[Stored dataset items]
——
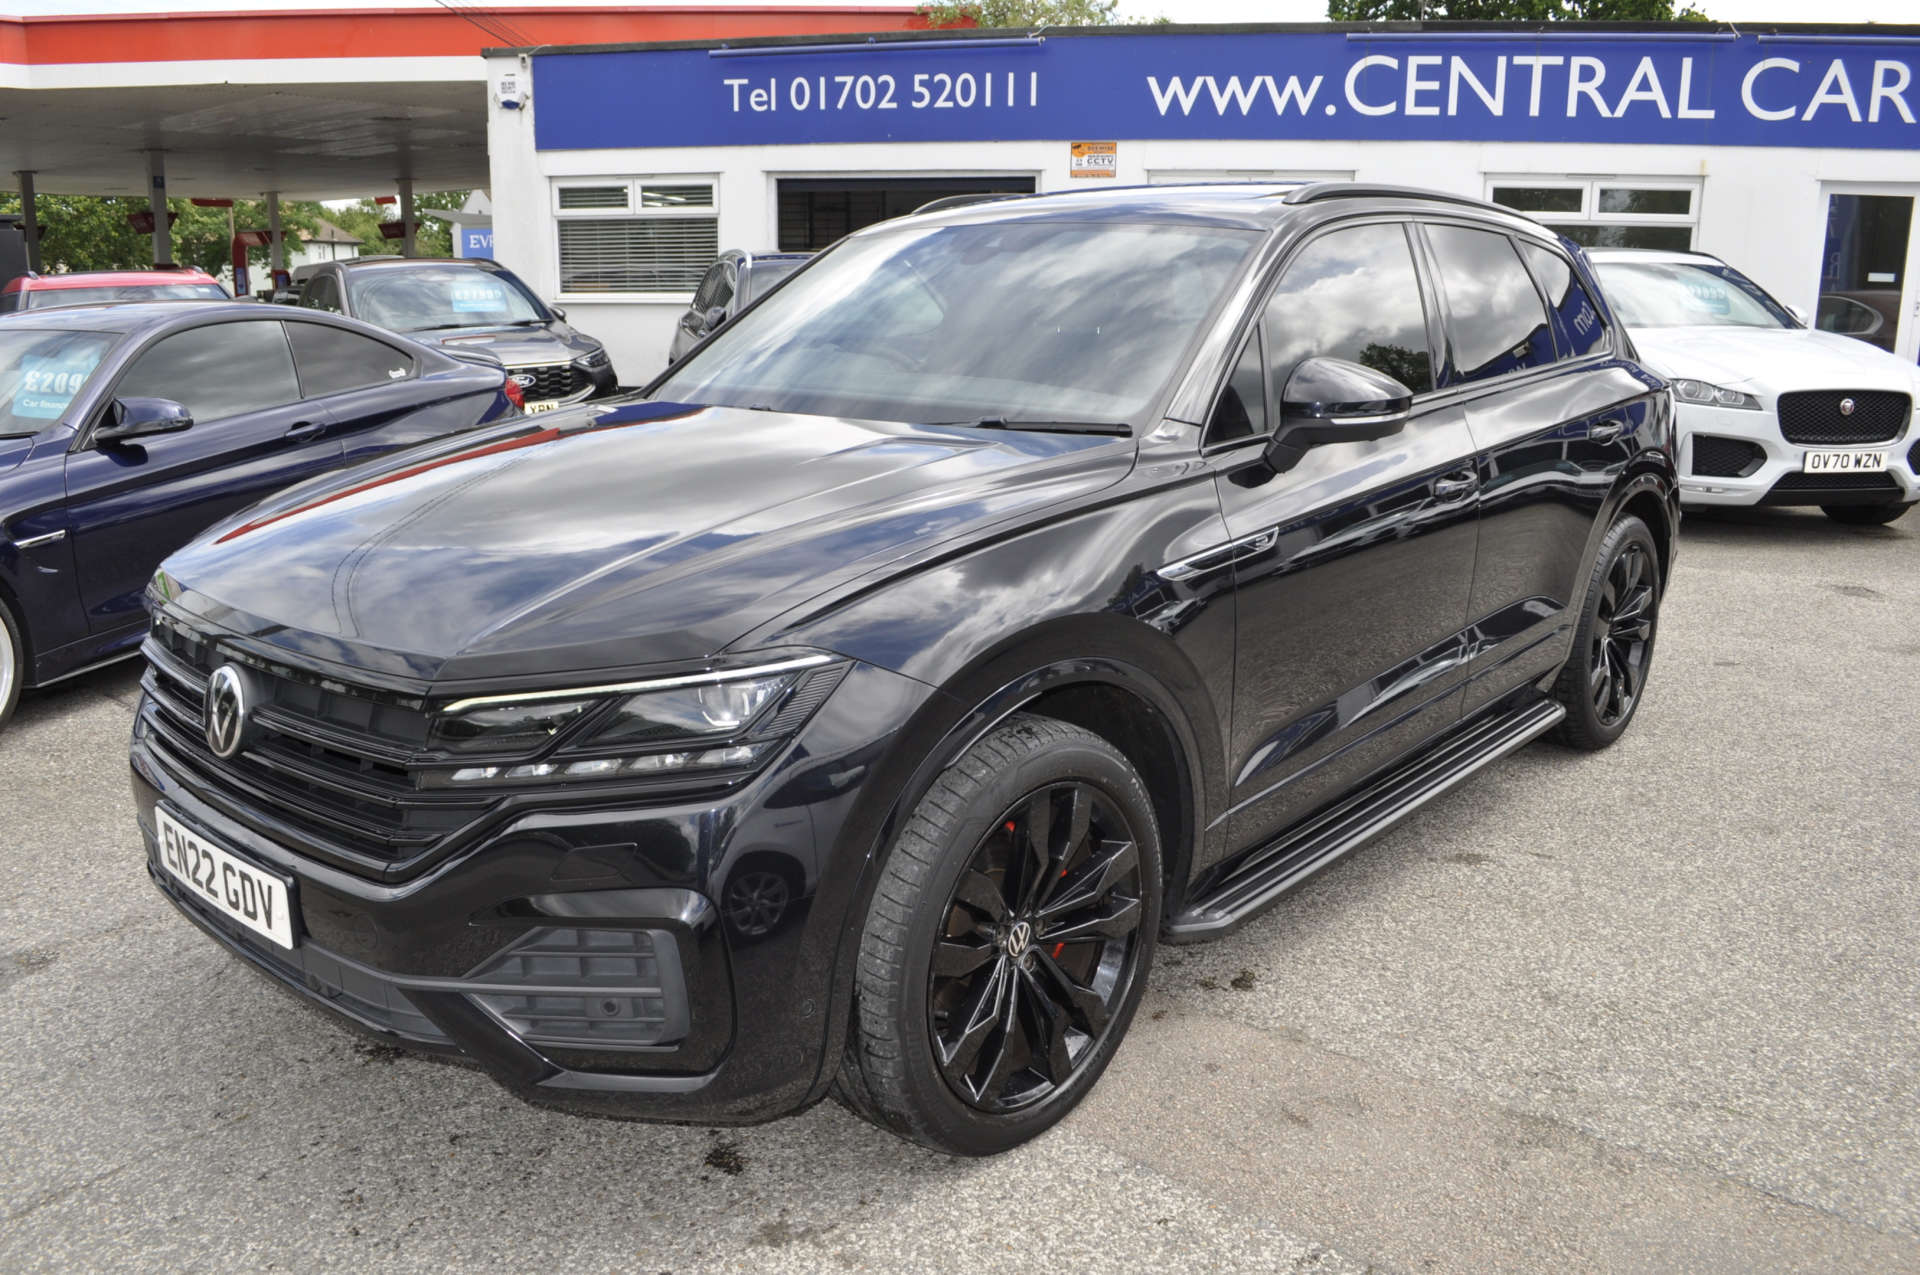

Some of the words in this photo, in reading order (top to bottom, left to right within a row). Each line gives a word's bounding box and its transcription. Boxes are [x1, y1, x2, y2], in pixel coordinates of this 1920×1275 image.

[724, 77, 776, 112] Tel
[790, 76, 898, 111] 01702
[912, 72, 1037, 108] 520111
[1741, 57, 1918, 124] CAR
[24, 370, 90, 395] £209
[1811, 454, 1850, 469] OV70
[1854, 453, 1882, 468] WZN
[163, 821, 219, 899] EN22
[222, 861, 273, 930] GDV
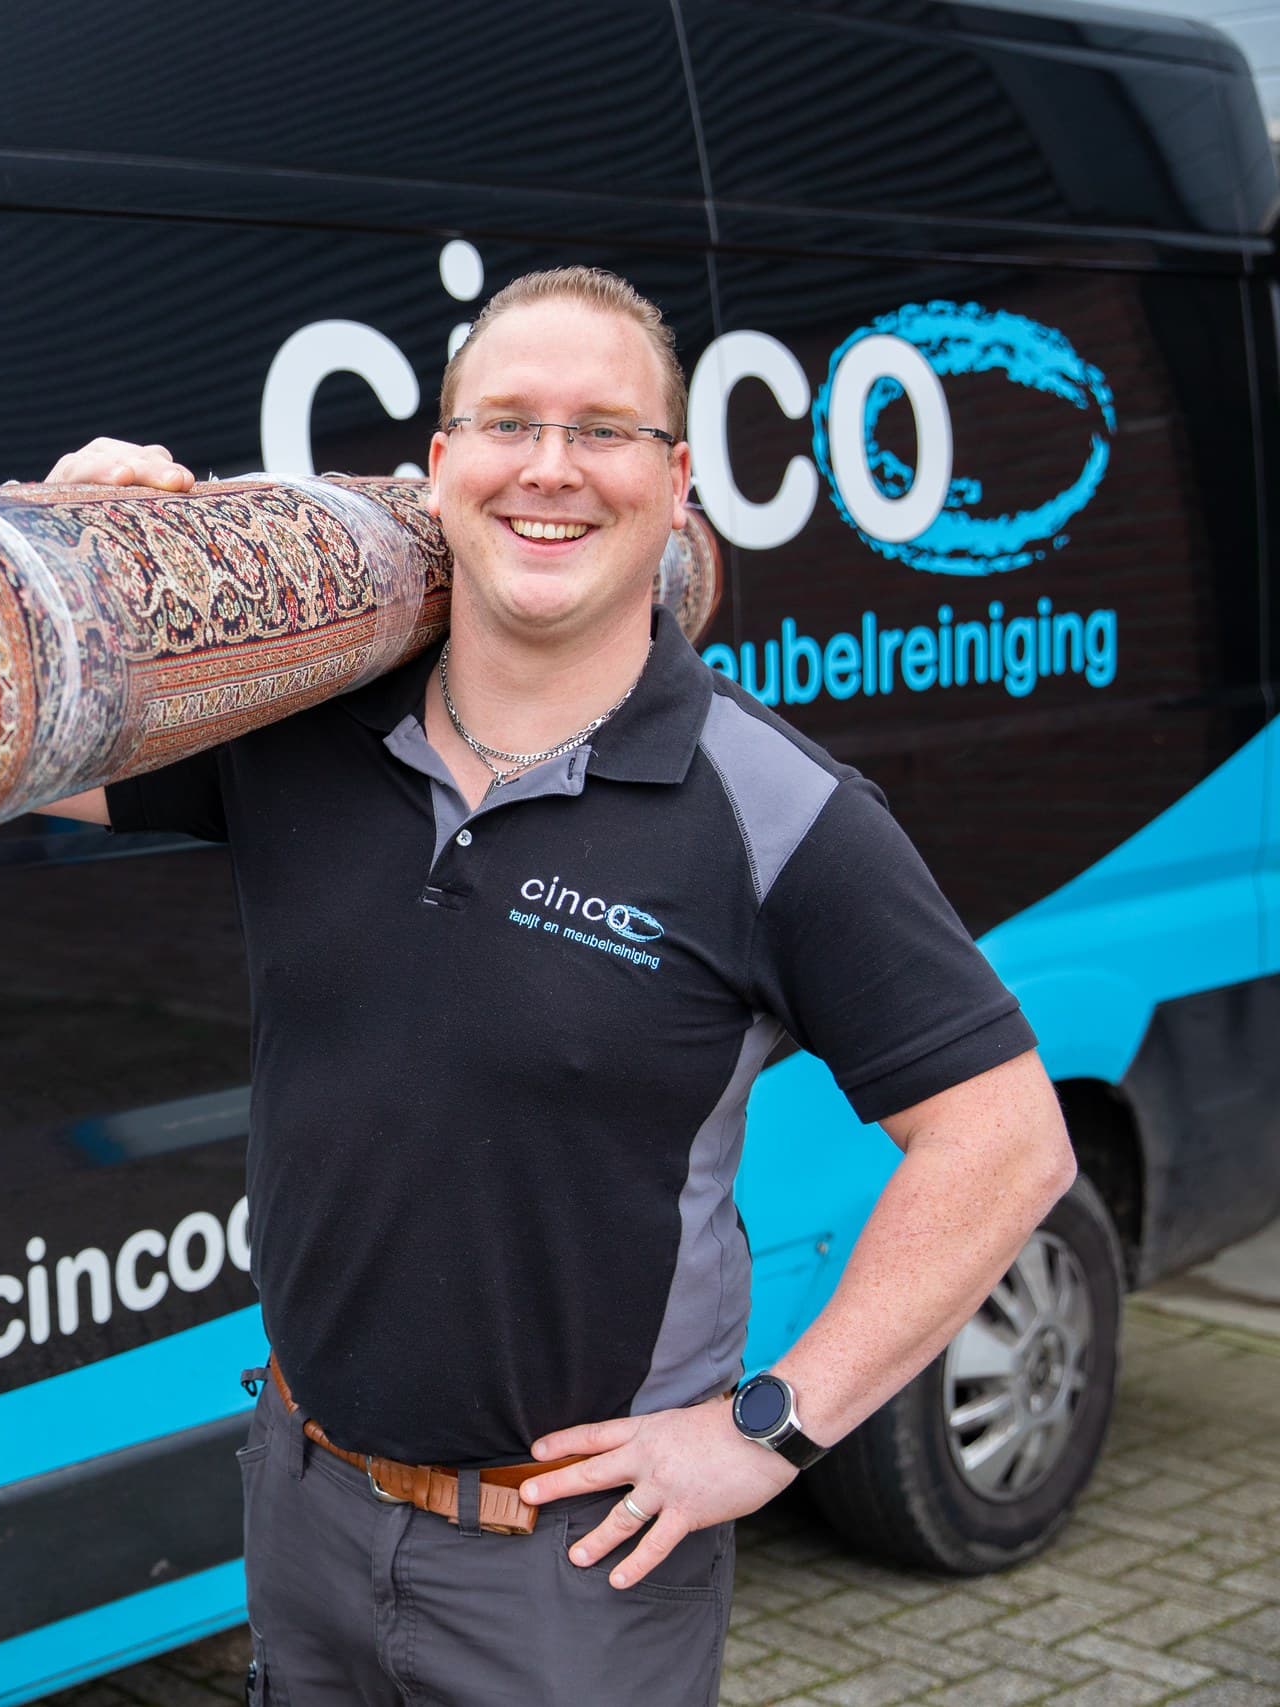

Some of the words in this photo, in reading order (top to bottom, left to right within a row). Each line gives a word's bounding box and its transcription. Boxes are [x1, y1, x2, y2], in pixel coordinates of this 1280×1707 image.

[261, 239, 953, 550] cco
[701, 595, 1117, 707] eubelreiniging
[508, 908, 540, 929] tapijt
[543, 921, 559, 934] en
[562, 927, 660, 969] meubelreiniging
[520, 876, 630, 930] cinco
——
■ Required action
The records above need to be restated word for word, with the pictures left out.

■ Result for this task
Some of the words in this photo, in reading order (top to bottom, left to right within a row). Each line gives a word's bounding box and its transcription. Boxes are [x1, y1, x2, y2], in pixel coordinates of this 1920×1275 image.

[724, 77, 776, 112] Tel
[790, 76, 898, 111] 01702
[912, 72, 1037, 108] 520111
[1741, 57, 1918, 124] CAR
[24, 370, 90, 395] £209
[1811, 454, 1850, 469] OV70
[1854, 453, 1882, 468] WZN
[163, 821, 219, 899] EN22
[222, 861, 273, 930] GDV

Some of the words in this photo, in reading order (top to bottom, left to right within a row). Each line gives a word's bounding box and its transcription. Boxes are [x1, y1, x2, y2], in pixel coordinates of this 1280×1707 image.

[261, 239, 953, 550] cco
[701, 595, 1117, 707] eubelreiniging
[508, 908, 540, 929] tapijt
[543, 921, 559, 934] en
[562, 927, 660, 969] meubelreiniging
[520, 876, 630, 930] cinco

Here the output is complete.